Of course, there was no doubt in his mind about which pair of scoundrels was behind this, but educated guesses weren’t evidence, or something he’d made statements about.
“See?” Bell said, glaring at Caradec “We got damn lucky we managed to stop whatever those people summoned, otherwise, we’d have been forced to just cordon off the conference center and reduced to bombarding it with bunker busters until something gave way. There’s absolutely nothing you did that helped, and a lot that was the exact opposite of help. You …”

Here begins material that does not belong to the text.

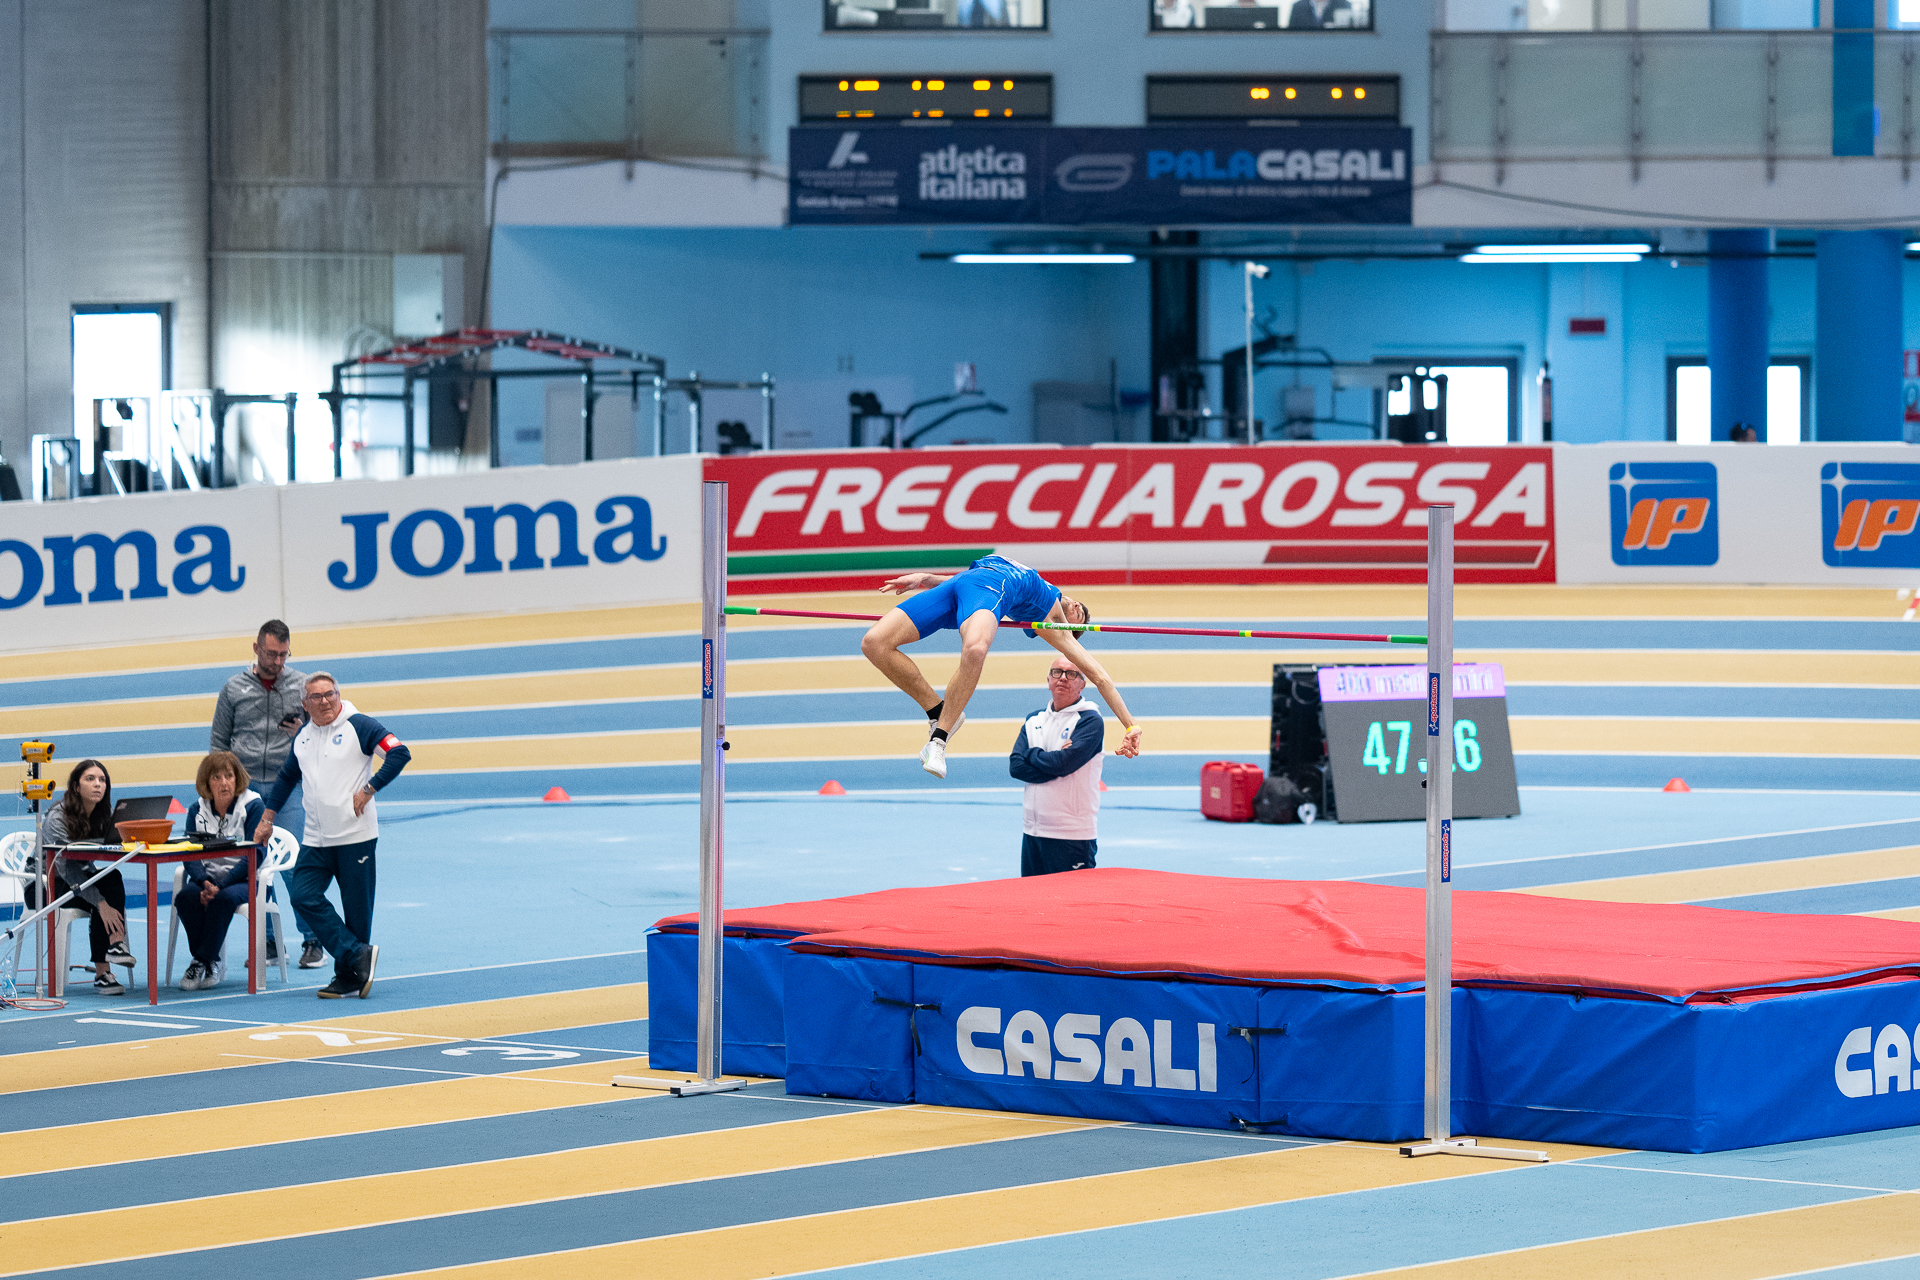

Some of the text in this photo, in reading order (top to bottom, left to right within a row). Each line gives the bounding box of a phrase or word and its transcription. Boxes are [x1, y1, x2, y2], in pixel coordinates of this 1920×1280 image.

“Oh really? The opposite of help?” Caradec threw up his hands in consternation “Do you know what’s the opposite of help? Getting saddled with a bunch of jumped-up civies for support, and now I’m getting judged here for trying to do what was best?”
“No, you’re being judged for thinking what’s best.” Derrien growled “And being wrong about it. Even you should have been able to realize that given how everything turned out.”
“I will not stand here and be ins- …”
It was obvious where that was going, and Derrien cut him off with a swift gesture of her hand. A simple “shut up, dude” gesture wouldn’t have worked, so she’d gone for the direct approach, preventing them from hearing his rant.
“If you have something reasonable to say, write it down.” She told him more calmly than Arthur could have managed.
Caradec had done a perfectly fine job of undermining himself, there was no real need to keep this going. Now, it was time to think about how to properly squeeze their prisoner for all the information he held.